Annotated photo localization data:
⁂

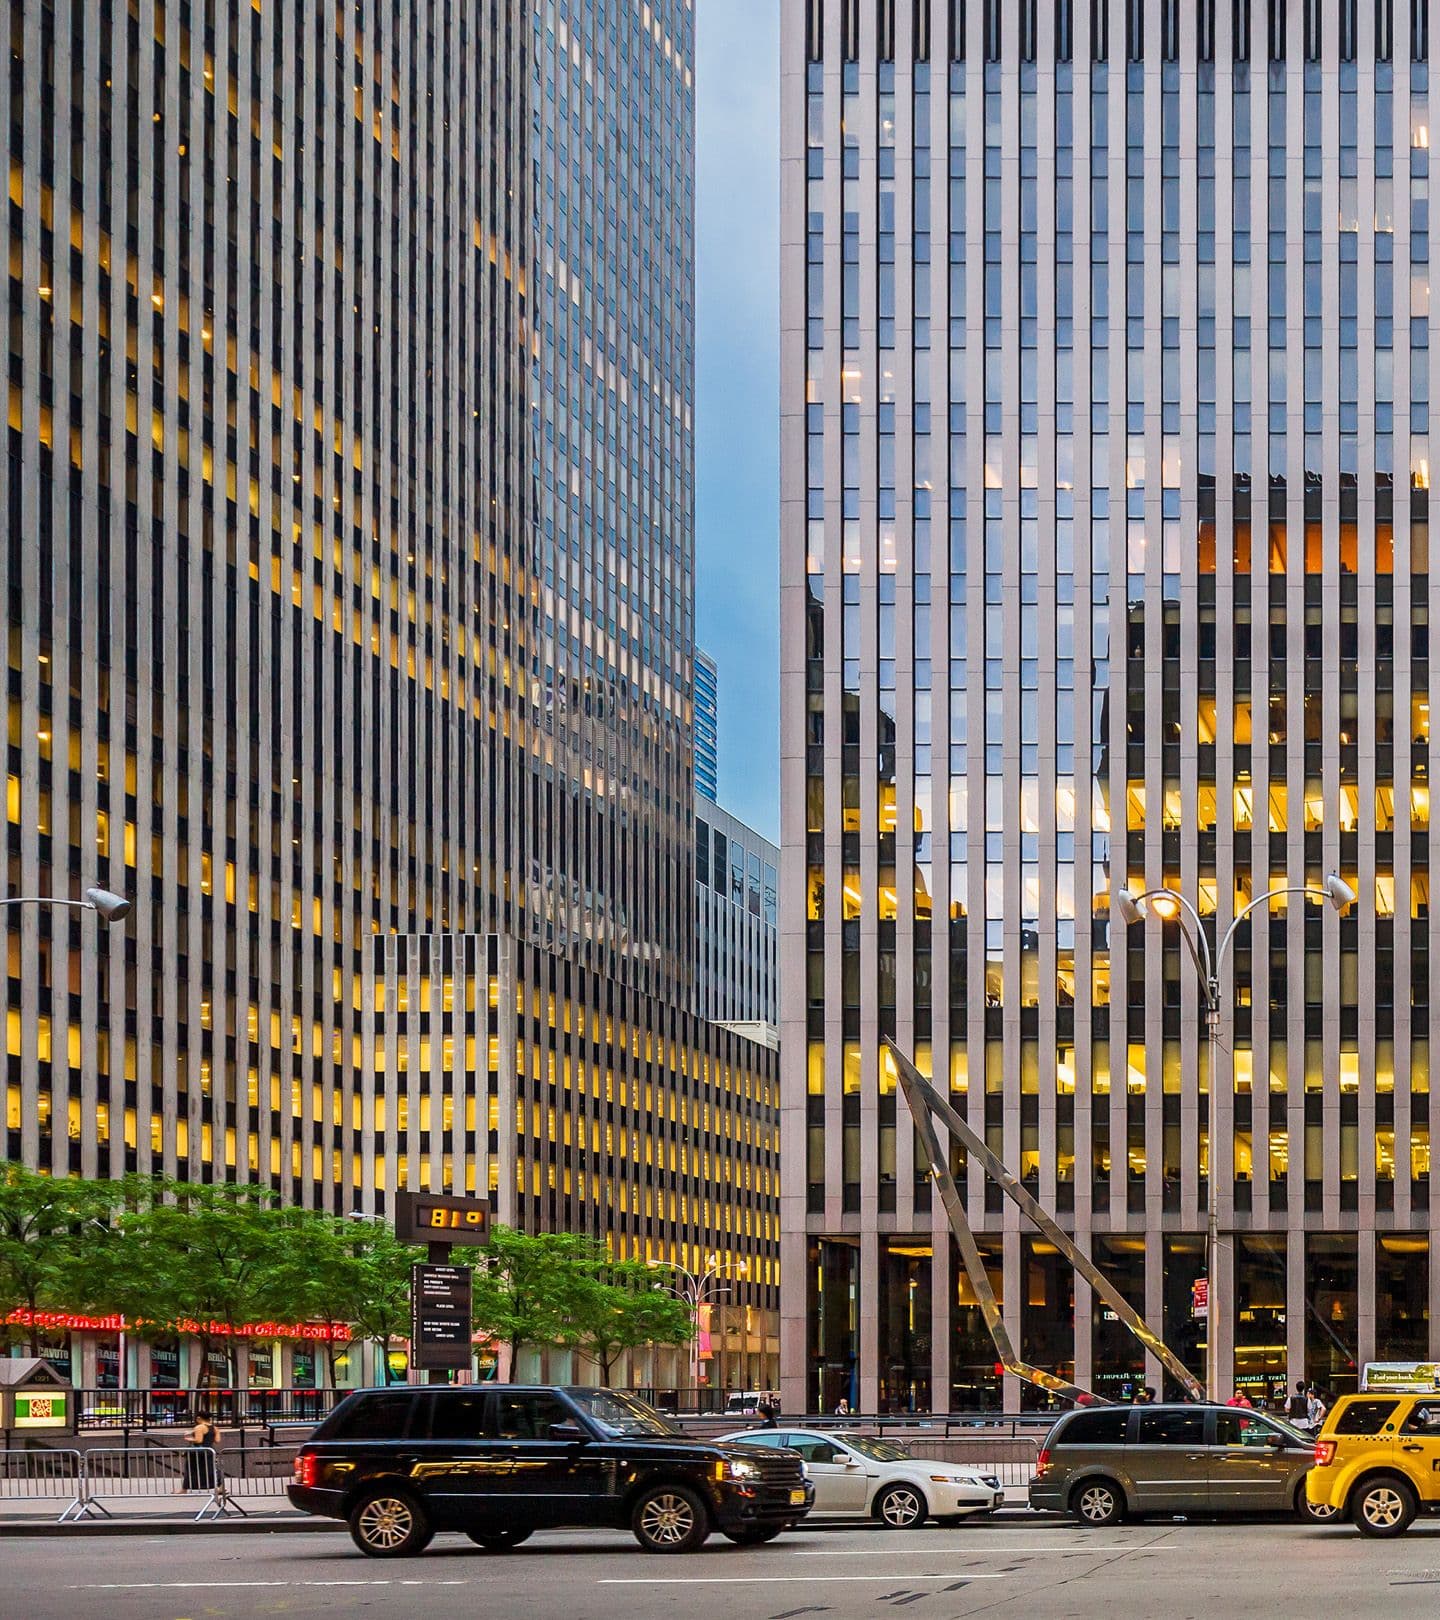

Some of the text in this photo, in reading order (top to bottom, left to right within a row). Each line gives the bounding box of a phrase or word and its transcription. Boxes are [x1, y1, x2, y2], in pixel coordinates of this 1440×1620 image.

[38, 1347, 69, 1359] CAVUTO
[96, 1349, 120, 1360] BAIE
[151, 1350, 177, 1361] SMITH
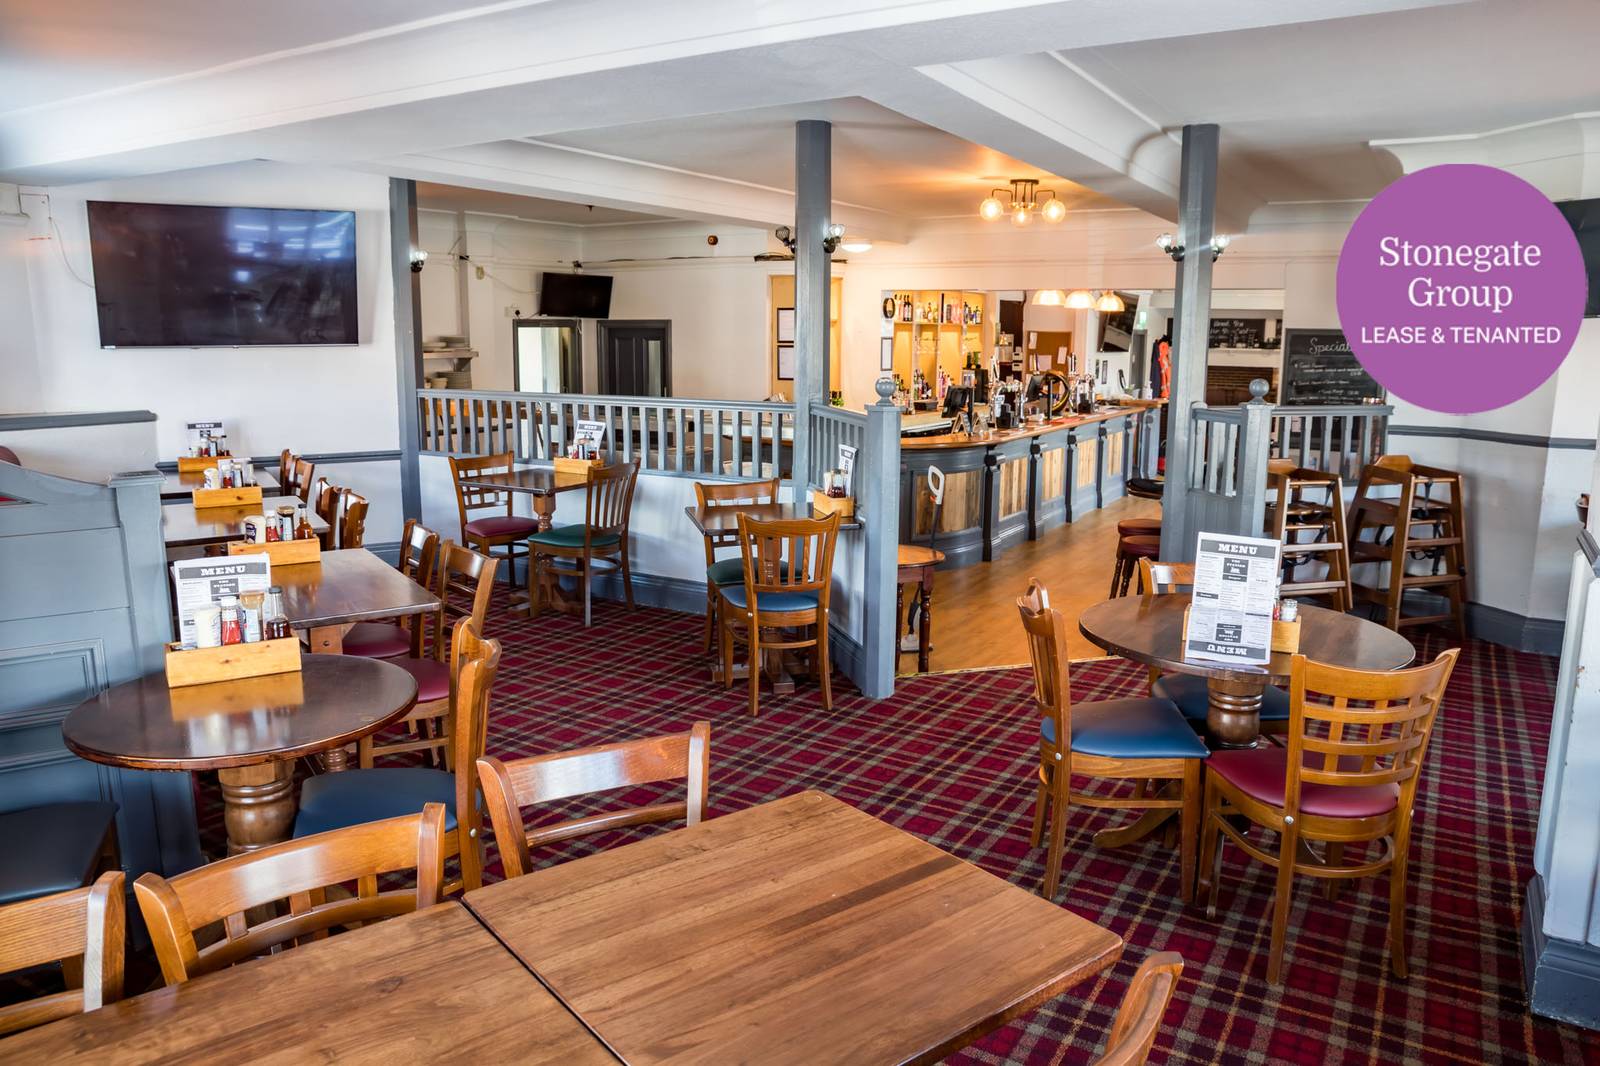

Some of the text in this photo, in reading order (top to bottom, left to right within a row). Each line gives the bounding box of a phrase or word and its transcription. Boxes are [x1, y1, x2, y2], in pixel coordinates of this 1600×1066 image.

⁂

▶ **Directions**: A faithful copy is needed: reproduce all of the data above, leaving the pictures out.

▶ **Answer space**:
Some of the text in this photo, in reading order (top to bottom, left to right within a row). Each line gives the bounding box of a phrase or word and its transcription. Boxes are [x1, y1, x2, y2], in pixel coordinates of this 1440×1620 image.

[38, 1347, 69, 1359] CAVUTO
[96, 1349, 120, 1360] BAIE
[151, 1350, 177, 1361] SMITH

Some of the text in this photo, in reading order (top to bottom, left to right within a row). Each line gives the bounding box of a phrase or word and its transcription. Boxes are [x1, y1, x2, y2], in pixel coordinates of this 1600×1066 image.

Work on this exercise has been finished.